## PROVIDED DATA
__________

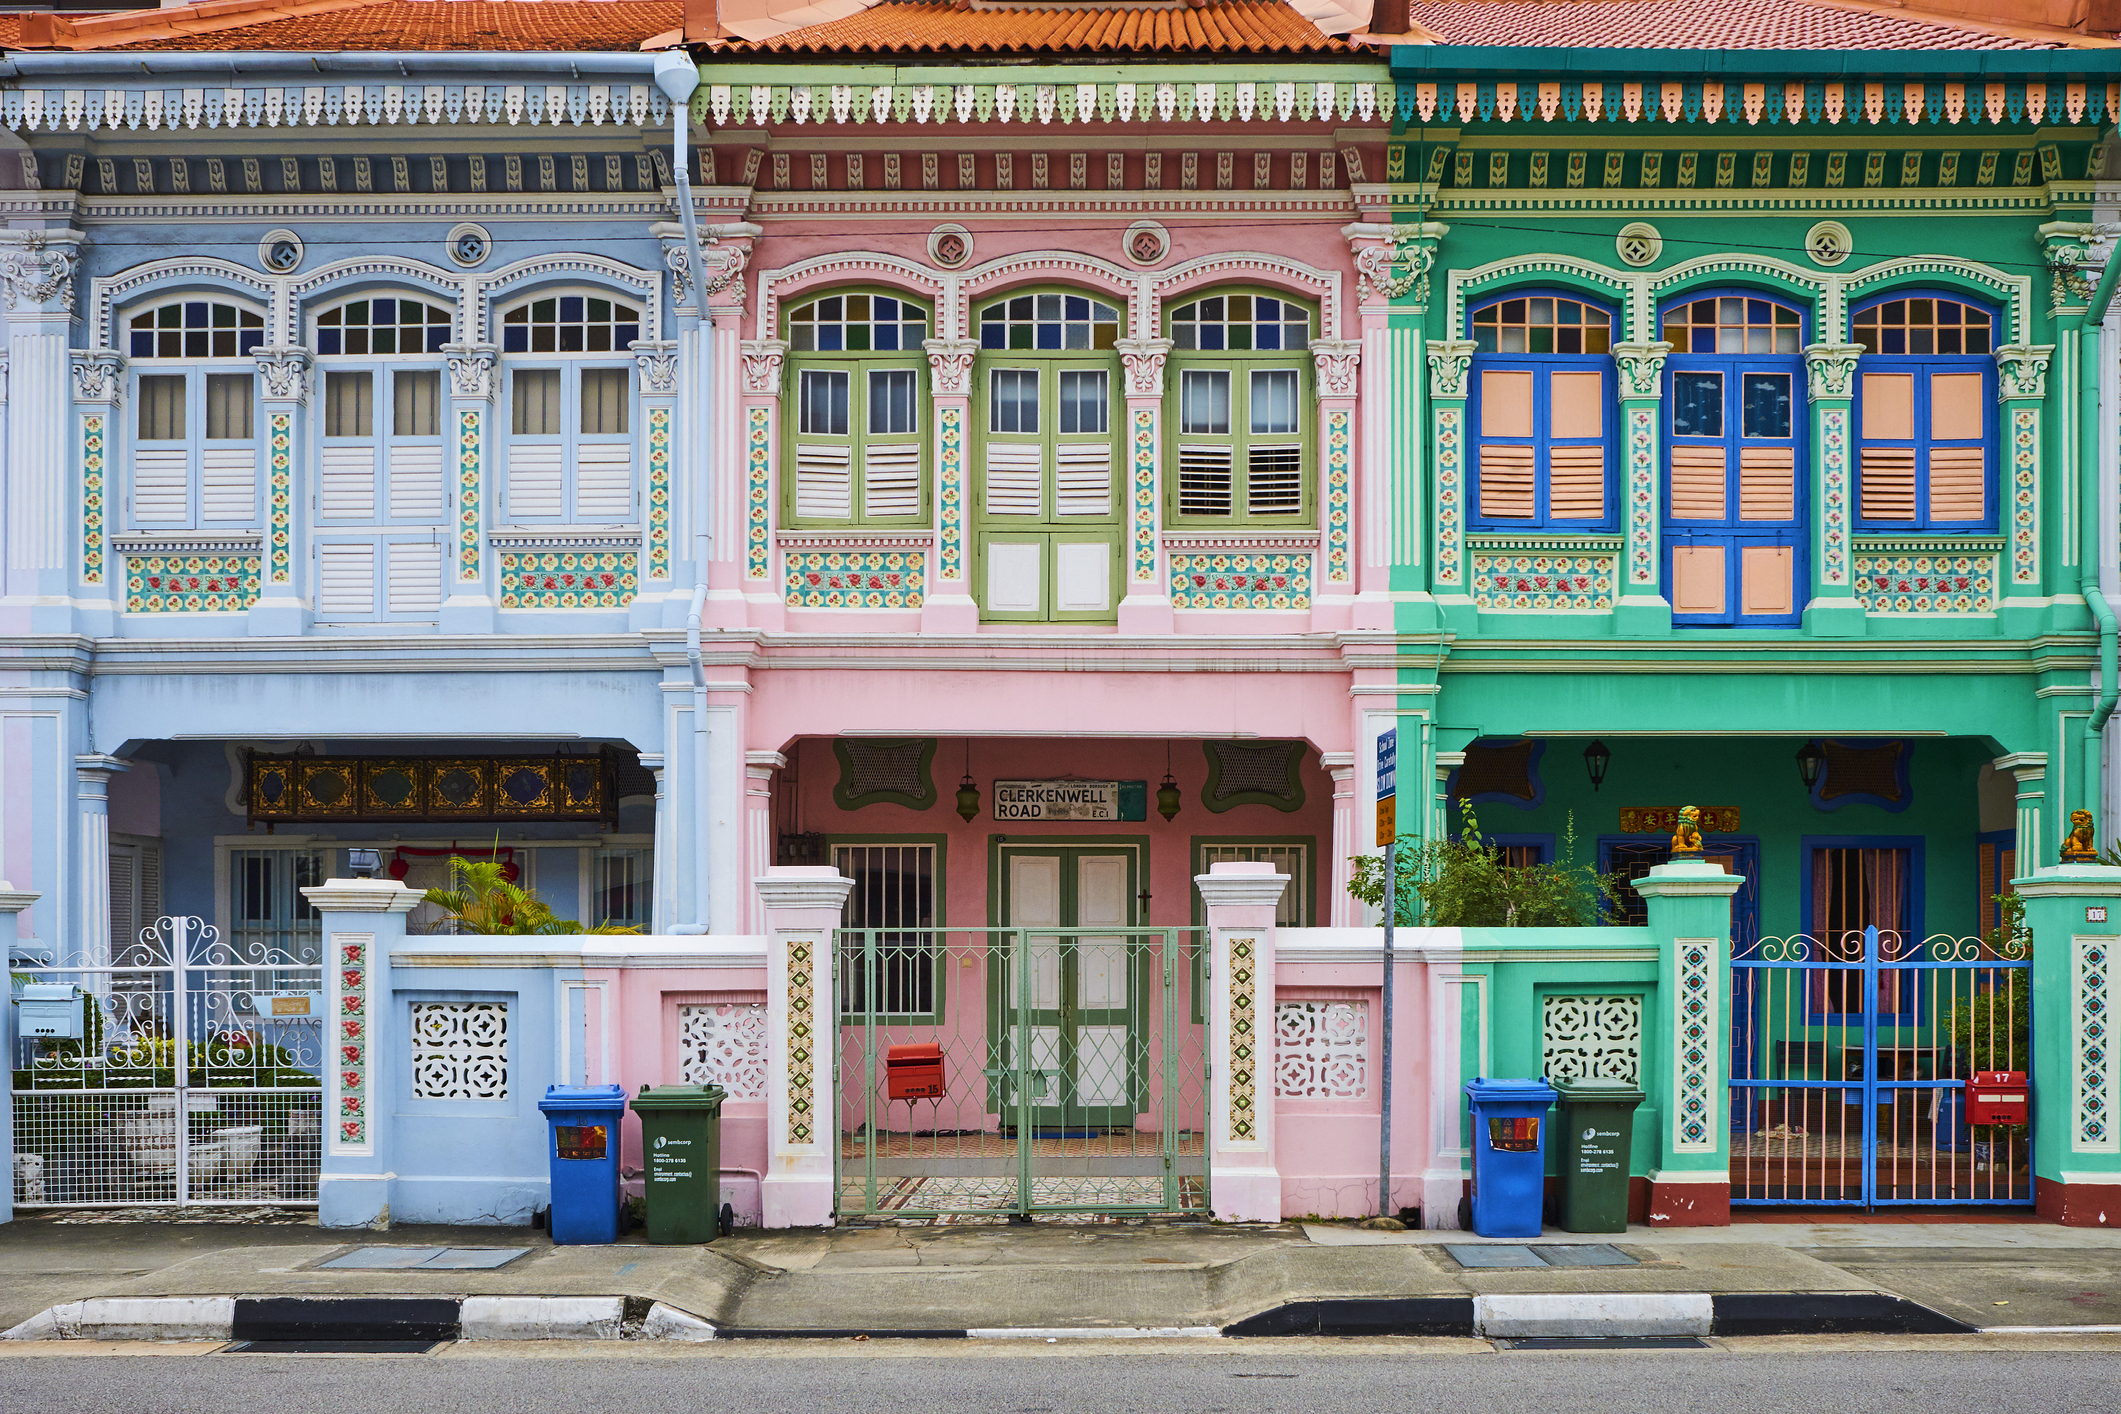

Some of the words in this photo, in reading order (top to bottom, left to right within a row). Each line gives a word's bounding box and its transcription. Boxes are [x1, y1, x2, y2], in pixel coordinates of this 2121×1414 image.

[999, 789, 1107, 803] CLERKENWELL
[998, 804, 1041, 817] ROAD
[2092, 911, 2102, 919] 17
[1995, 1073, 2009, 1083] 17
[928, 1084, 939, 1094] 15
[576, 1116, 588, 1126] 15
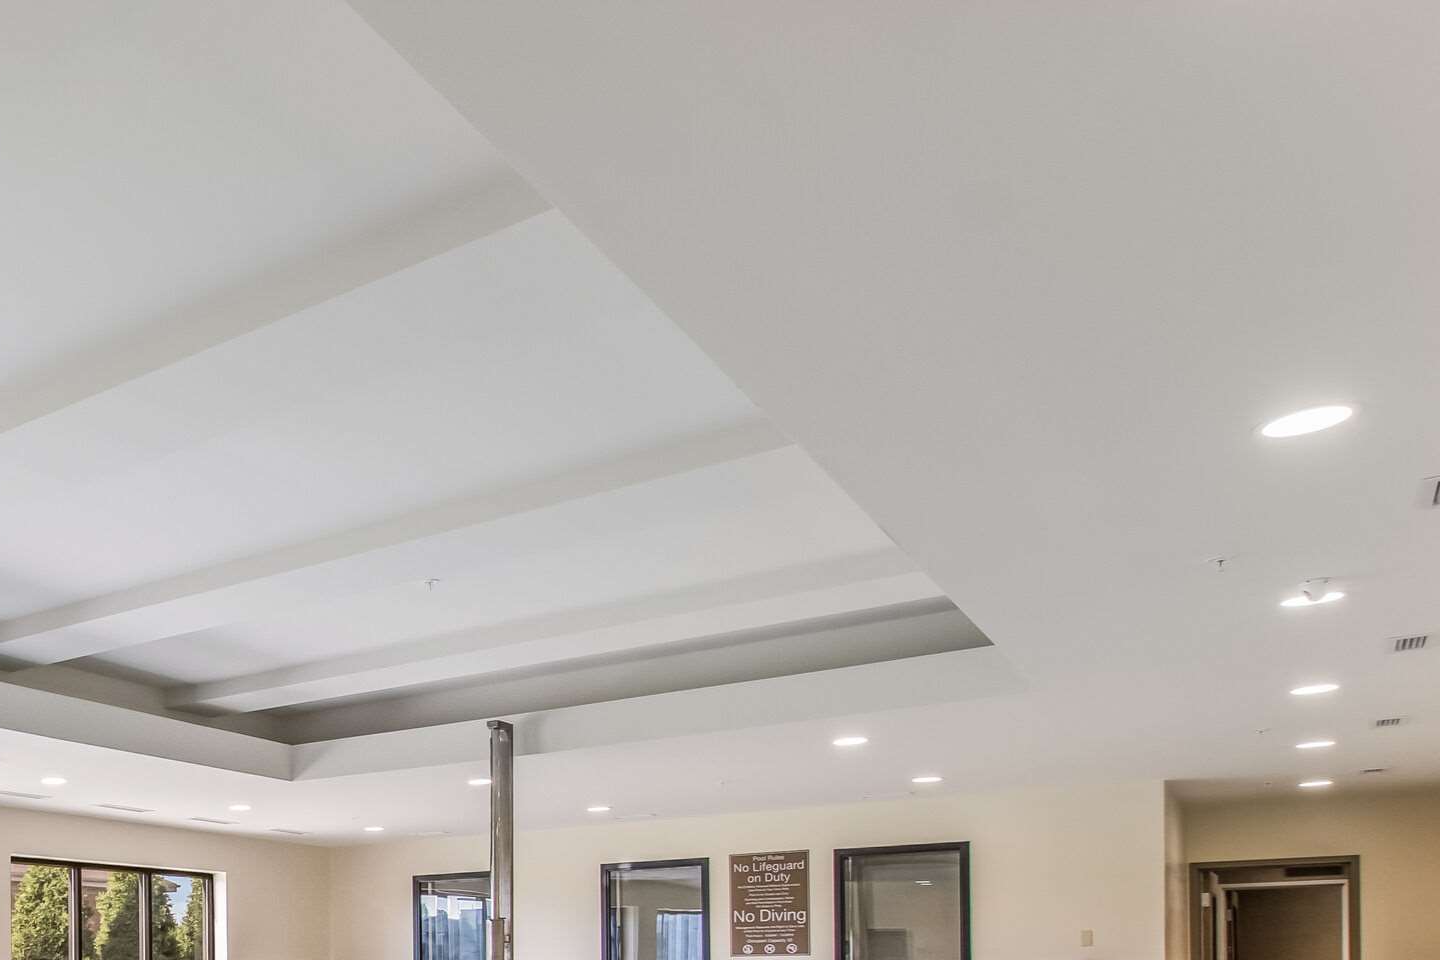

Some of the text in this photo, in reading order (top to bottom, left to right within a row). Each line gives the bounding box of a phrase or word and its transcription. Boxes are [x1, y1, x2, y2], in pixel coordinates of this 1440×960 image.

__________

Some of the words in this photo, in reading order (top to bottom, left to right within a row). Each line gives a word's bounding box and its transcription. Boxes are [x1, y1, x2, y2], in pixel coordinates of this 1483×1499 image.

__________

## ASSIGNMENT
Using the listing above, repeat word for word each line from the one with "this 2121×1414 image." down to the one with "Some of the text", both included. Omit all pictures.

## THE COMPLETED TASK
Some of the words in this photo, in reading order (top to bottom, left to right within a row). Each line gives a word's bounding box and its transcription. Boxes are [x1, y1, x2, y2], in pixel coordinates of this 2121×1414 image.

[999, 789, 1107, 803] CLERKENWELL
[998, 804, 1041, 817] ROAD
[2092, 911, 2102, 919] 17
[1995, 1073, 2009, 1083] 17
[928, 1084, 939, 1094] 15
[576, 1116, 588, 1126] 15

Some of the text in this photo, in reading order (top to bottom, left to right within a row). Each line gives the bounding box of a phrase or word and its transcription. Boxes are [x1, y1, x2, y2], in pixel coordinates of this 1440×960 image.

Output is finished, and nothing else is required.